News
Article
The investigators reported that ultra-low PSA responses “were associated with prolonged rPFS and delayed progression to mCRPC and PSA progression.”
Combination treatment with darolutamide (Nubeqa) plus androgen deprivation therapy (ADT) in patients with metastatic hormone-sensitive prostate cancer (mHSPC) was associated with much lower prostate-specific antigen (PSA) responses compared with ADT alone, according to data from a post hoc analysis of the phase 3 ARANOTE trial (NCT04736199).1,2
The data were presented at the 2025 American Urological Association Annual Meeting in Las Vegas, Nevada.
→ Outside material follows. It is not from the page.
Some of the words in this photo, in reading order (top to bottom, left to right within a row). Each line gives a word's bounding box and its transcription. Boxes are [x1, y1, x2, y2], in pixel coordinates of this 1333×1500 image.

Previously reported data from ARANOTE indicated that, “Time to prostate-specific antigen (PSA) progression was longer for patients receiving darolutamide versus placebo (HR 0.31; 95% CI 0.23–0.41), and 3 times as many patients receiving darolutamide achieved undetectable PSA <0.2 ng/mL at any time (62.6%) vs patients on placebo (18.5%).”3 Further, according to a Game Changer presentation at the 40th Annual European Association of Urology Congress, reaching a PSA level of 0.2 ng/mL with darolutamide was found to be correlated with clinical benefit.
Neal D. Shore, MD, FACS
For the study presented at AUA 2025, the investigators, led by, Neal D. Shore, MD, FACS, medical director of the START Center for Cancer Research in Myrtle Beach, South Carolina, reported on post hoc analyses of ultra-low PSA responses (defined as <0.02 ng/mL) as well as their correlation with outcomes both overall and by baseline PSA level from ARANOTE.
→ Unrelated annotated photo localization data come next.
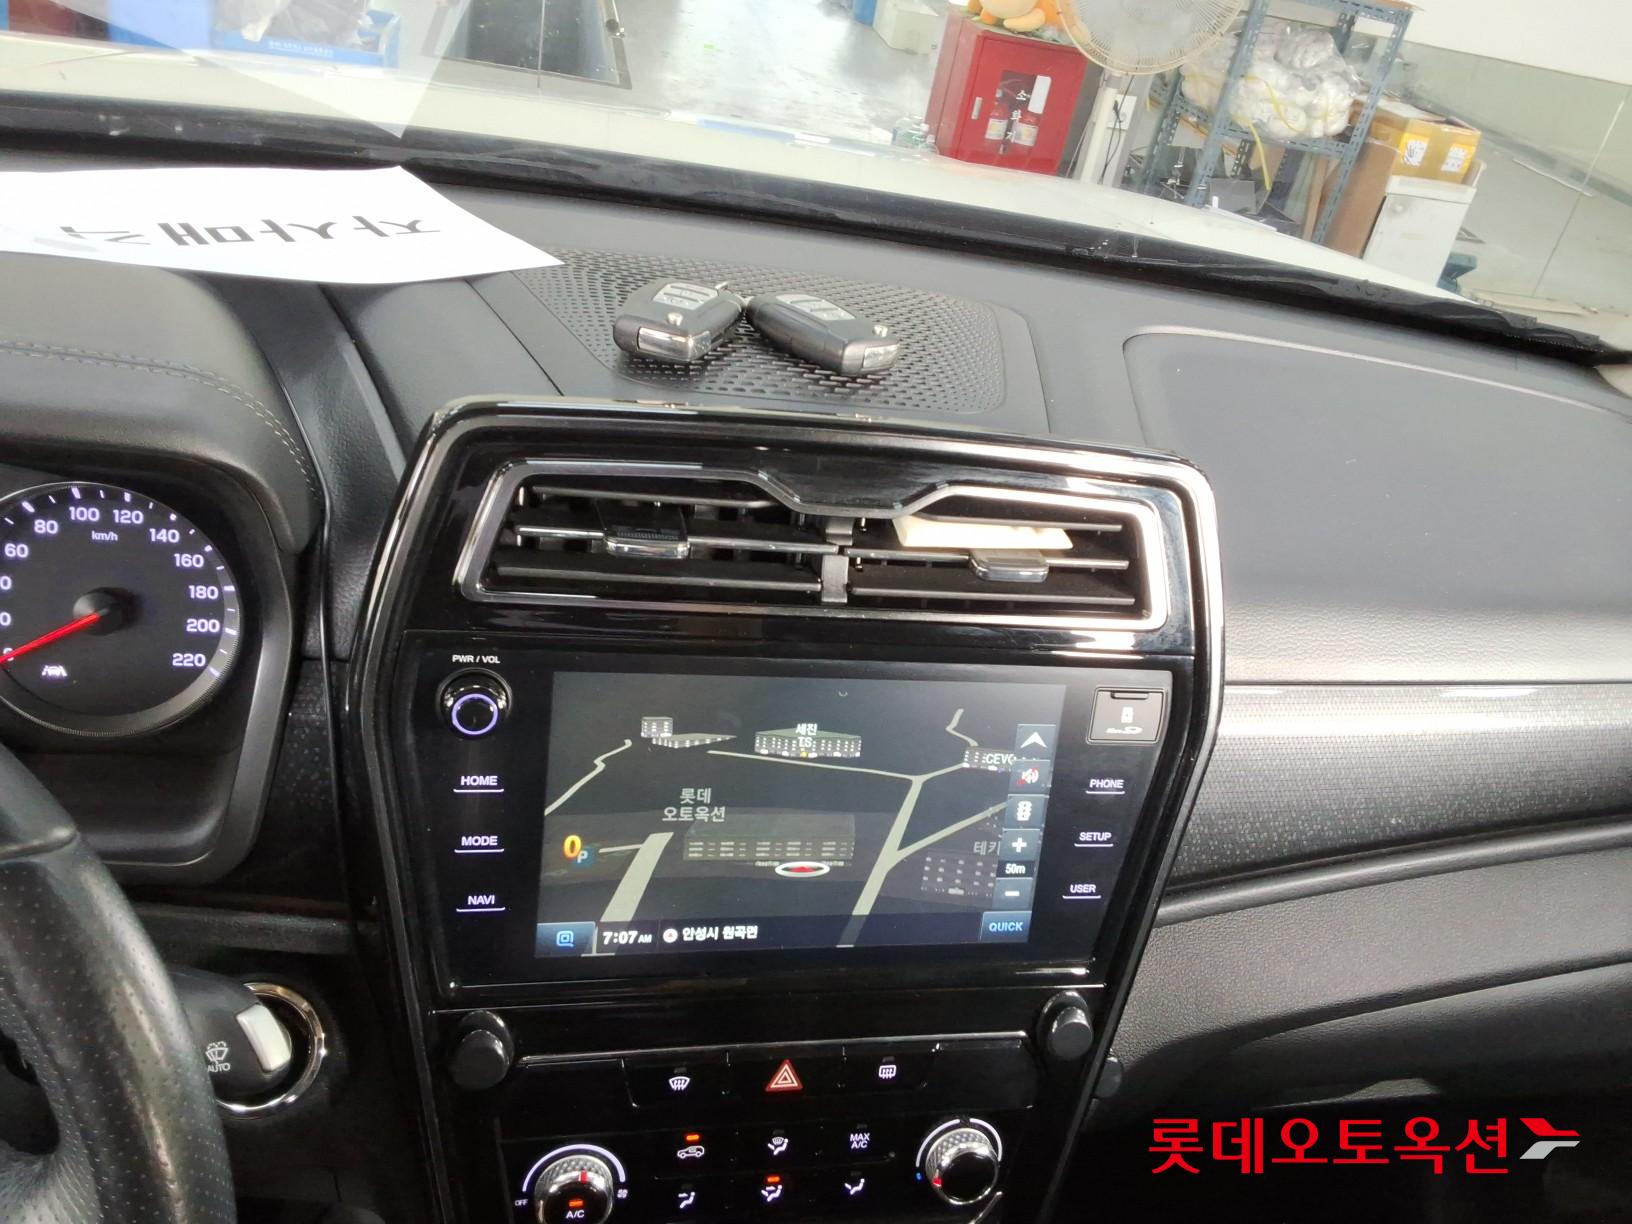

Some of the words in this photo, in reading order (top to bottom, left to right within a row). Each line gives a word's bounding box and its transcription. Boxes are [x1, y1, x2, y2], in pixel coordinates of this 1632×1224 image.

[69, 506, 100, 522] 100
[113, 509, 144, 524] 120
[34, 519, 59, 535] 80
[91, 530, 118, 542] km/h
[149, 528, 180, 544] 140
[4, 543, 29, 558] 60
[174, 553, 204, 568] 160
[188, 585, 219, 600] 180
[186, 618, 220, 634] 200
[172, 652, 206, 668] 220
[452, 654, 474, 663] PWR
[481, 655, 501, 664] VOL
[460, 775, 498, 786] HOME
[1089, 778, 1125, 790] PHONE
[680, 787, 712, 804] 롯데
[661, 806, 726, 823] 오토옥션
[461, 835, 498, 847] MODE
[1078, 831, 1112, 843] SETUP
[1005, 863, 1027, 875] 50m
[1069, 883, 1097, 894] USER
[467, 895, 495, 906] NAVI
[682, 926, 718, 941] 안성시
[722, 925, 758, 940] 원곡면
[988, 921, 1024, 933] QUICK
[603, 931, 638, 945] 7:07
[206, 1062, 231, 1073] AUTO
[850, 1132, 870, 1142] MAX
[851, 1140, 868, 1149] A/C
[566, 1209, 585, 1220] A/C
In terms of methodology, the investigators explained that serum was collected for testing of PSA levels at screening as well as every 12 weeks. Rates of ultra-low PSA were then evaluated at 24, 36, and 48 weeks and at any time. The proportions of patients who reached an ultra-low PSA level were assessed by baseline PSA group. This was defined as less than first quartile (<Q1: <4.1 ng/mL), between Q1 and median (Q2: 4.1 ng/mL to <21.3 ng/mL), and ≥median (Q3 and Q4: ≥21.3 ng/mL). In addition, “radiological progression-free survival (rPFS), time to metastatic castration-resistant prostate cancer [mCRPC], and time to PSA progression were correlated with PSA responses (<0.02 ng/mL, ≥0.02 to <0.2 ng/mL, and ≥0.2 ng/mL) in patients treated with darolutamide,” the investigators wrote.
The investigators reported that out of the entire ARANOTE population (n = 669), 434 out of 446 patients in the darolutamide group and 218 out of 223 patients in the placebo group had a baseline PSA level of at least 0.02 ng/mL. They also reported that baseline disease characteristics of patients when stratified by baseline PSA subgroups were generally similar, with the exception that fewer patients with a PSA level lower than 4.1 ng/mL had de novo disease compared with groups with a PSA level of at least 4.1 ng/mL.
The investigators reported that ultra-low PSA responses “were associated with prolonged rPFS and delayed progression to mCRPC and PSA progression.” Specifically, patients who received darolutamide and reached an ultra-low PSA response at any time were found to have a lower risk of radiological progression or death vs patients with a PSA level of at least 0.2 ng/mL, with a risk reduction of 91%. Lower risk of radiological progression of death was also seen with patients who had a PSA level between 0.02 ng/mL and 0.2 ng/mL vs patients with a PSA level of at least 0.2 ng/mL, with a risk reduction of 59%.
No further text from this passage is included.